The same held true for the architecture, with the Blausers taking a couple of years to finalize house plans. “They wanted an English manor-style home, but they also wanted it to be open and contemporary inside,” says Bill Harrison, who designed the house with fellow architect Bulent Baydar. Triple gables across the front pay homage to the English style, while huge bay windows ensure interiors are flooded with light.
“That’s one of the trends we’re seeing,” adds Baydar. “People want the look of an old home on the outside, but inside they want lighter spaces with lots of windows, less trim, and clean lines.” Per Jeff’s request, interior trim and architectural details are restrained. “Jeff wanted clean lines, minimal trim, nothing fussy,” Baydar says.
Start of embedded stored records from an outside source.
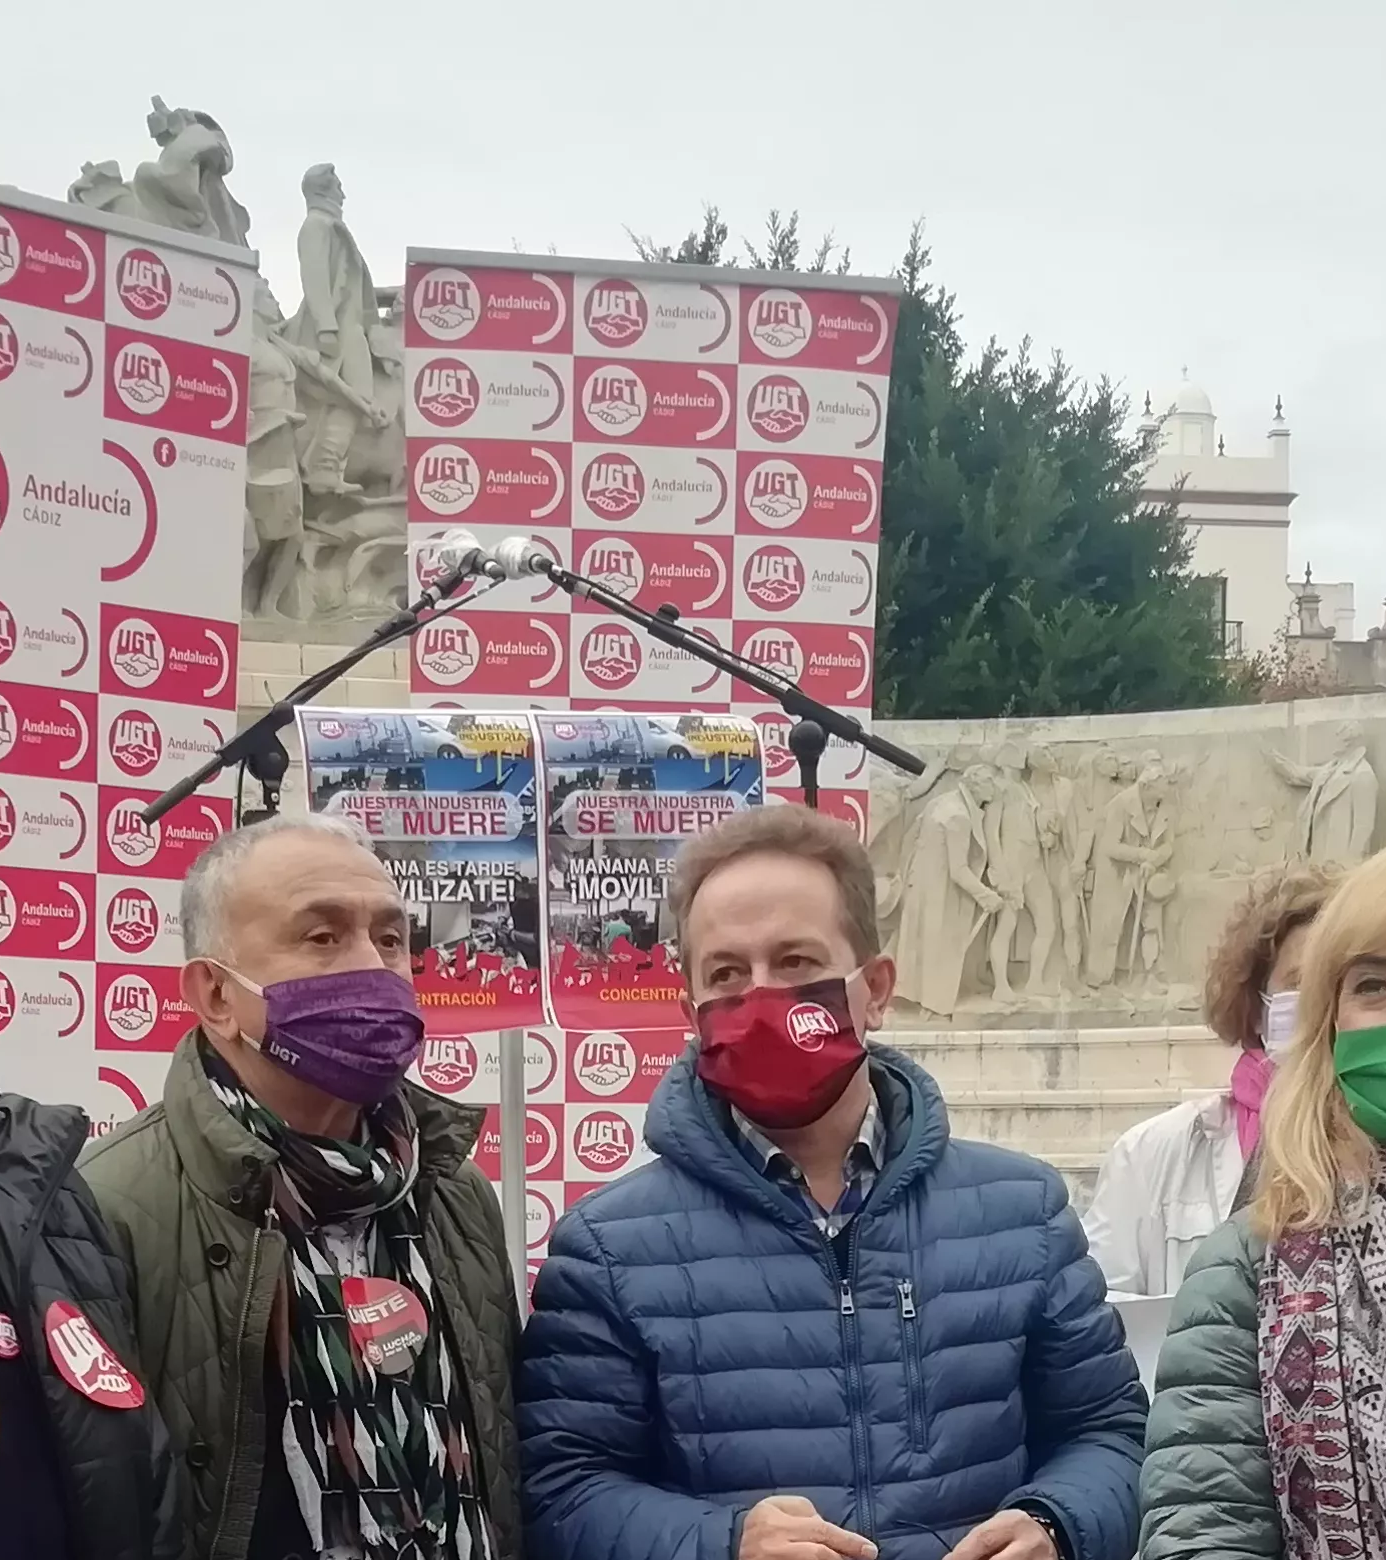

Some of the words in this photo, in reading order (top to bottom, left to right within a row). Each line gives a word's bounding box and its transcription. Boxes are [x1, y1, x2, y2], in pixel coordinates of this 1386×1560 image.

[121, 258, 166, 295] UGT
[423, 280, 470, 307] UGT
[592, 290, 638, 318] UGT
[757, 299, 802, 326] UGT
[121, 352, 163, 387] UGT
[421, 369, 471, 396] UGT
[591, 377, 638, 403] UGT
[754, 385, 802, 414] UGT
[423, 457, 470, 484] UGT
[589, 464, 637, 490] UGT
[22, 474, 131, 517] Andalucía
[754, 471, 798, 498] UGT
[23, 505, 62, 527] CÁDIZ
[588, 549, 635, 576] UGT
[752, 555, 797, 582] UGT
[117, 629, 157, 661] UGT
[424, 628, 469, 656] UGT
[586, 633, 634, 661] UGT
[749, 640, 795, 667] UGT
[115, 720, 156, 755] UGT
[341, 796, 417, 810] NUESTRA
[422, 796, 508, 811] INDUSTRIA
[576, 796, 648, 809] NUESTRA
[653, 796, 735, 809] INDUSTRIA
[402, 811, 508, 836] MUERE
[577, 811, 616, 834] SE
[425, 860, 450, 877] ES
[454, 860, 515, 877] TARDE
[569, 856, 650, 874] MAÑANA
[655, 859, 677, 874] ES
[113, 898, 153, 930] UGT
[112, 986, 150, 1014] UGT
[792, 1012, 832, 1035] UGT
[269, 1040, 301, 1066] UGT
[425, 1040, 470, 1067] UGT
[581, 1043, 627, 1067] UGT
[581, 1121, 626, 1146] UGT
[383, 1331, 416, 1351] LUCHA
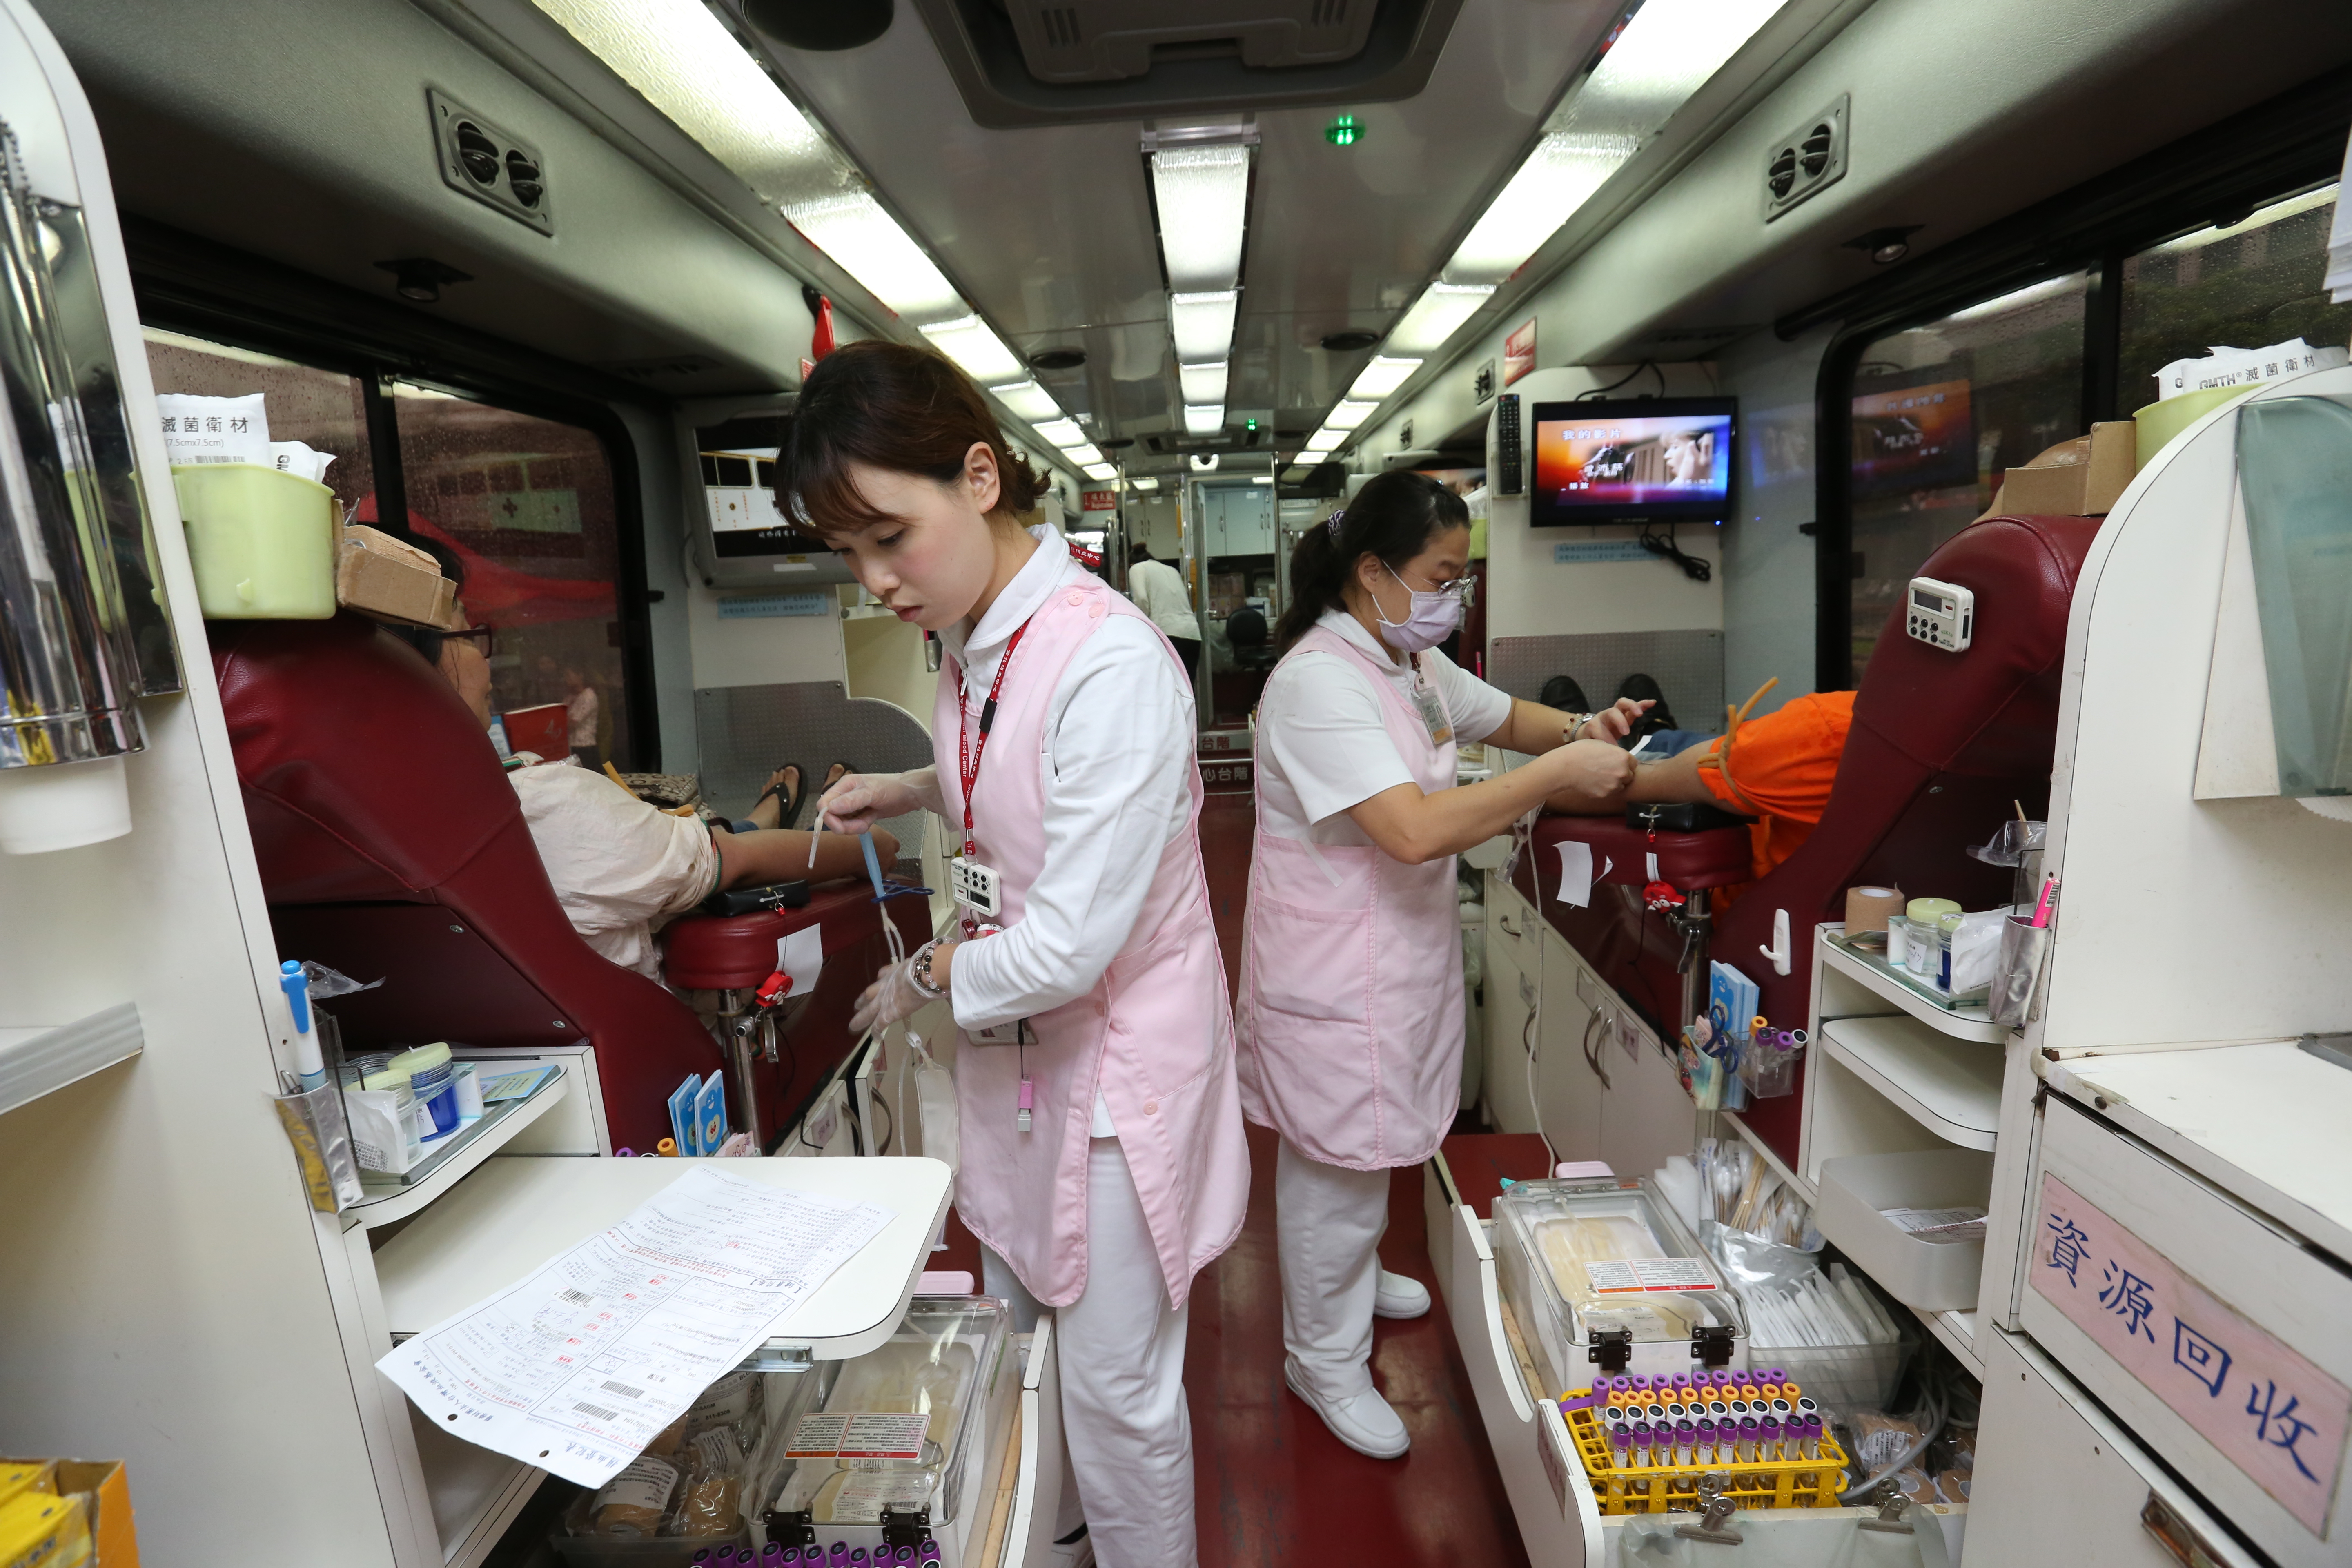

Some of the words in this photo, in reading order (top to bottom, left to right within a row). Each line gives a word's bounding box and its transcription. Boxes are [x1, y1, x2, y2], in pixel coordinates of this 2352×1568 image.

[2245, 354, 2315, 381] 滅菌衛材
[162, 416, 248, 433] 滅菌衛材
[1563, 429, 1622, 440] 我的影片
[1202, 766, 1248, 782] 心台階
[2047, 1213, 2321, 1486] 資源回收
[561, 1441, 621, 1469] 捐血登記表
The open floor plan is centered on a spacious stair hall that flows to the great room, kitchen, and a loggia. French doors topped with transoms and gabled windows cut into the kitchen’s vaulted ceiling fill the rooms with light. Antique ceiling beams and trim around some doorways ground the rooms, adding warmth and character. “These are very fluid spaces, and the house almost feels contemporary, but it is brought back to traditional with the natural beams, the wood trim, and, of course, the furnishings,” Harrison says. A pair of sculptural chaises and a chocolate brown sofa in the great room allow for comfortable television viewing without blocking the French doors. “
As you walk in the front door, you see right into the great room,” says Dewberry. “We didn’t want to block the views from those glass doors with sofas.”
While the chaises were custom-made to fit Jeff’s 6-foot-1-inch frame, “the kids have totally claimed them,” Andee says. Fortunately, the designers covered them with a durable chenille basket-weave fabric. “This is a high-traffic room, so we made sure fabrics would perform.” A center coffee table/ottoman wears easy-care Ultrasuede. “You can spill anything on it and wipe it off,” Dewberry says.
A multiarm Italian chandelier hangs above the ottoman and balances the large room without dominating it. “We all fell in love with that chandelier,” Huff remembers. “It’s open and elegant and just what the room needed.”
Activities spill from the great room into the showstopper kitchen, with a ceiling that soars to 24 feet. Counter bar stools and a charming scalloped high-back banquette in the family dining area allow for plenty of seating for daily meals and when the family entertains. “The square-to-round table is great when we have extra people,” Andee says. “We can just open the leaves on the four sides and pull up a few more chairs.”
Atlanta kitchen designer Beth Barfield maximized limited wall space for cabinets with a tall, pull-out pantry beside the range and countertop-level cabinets with flip-up doors for storing small appliances. Cabinets are painted a soft blue-gray, a palette repeated throughout the house; corner cabinets are fitted with leaded mercury-glass fronts. A scallop-topped marble backsplash on the sink wall, curvaceous candle-style sconces, and graceful chandeliers give the space a dressy feel without being overly formal. “We’re definitely not over-the-top-type people,” Andee says.
Proving that, the Blausers spend much of their time on the loggia off the kitchen. With soft seating, outdoor draperies, a fireplace, and a television, “the loggia is Jeff’s favorite room,” Andee reports. Friends often drop by with the greeting, “Is it loggia time?” she adds. “In the summer, we have the fans going, and when it’s cool, we light the fire and close the outdoor curtains. It’s really cozy.” A home run, whatever the season.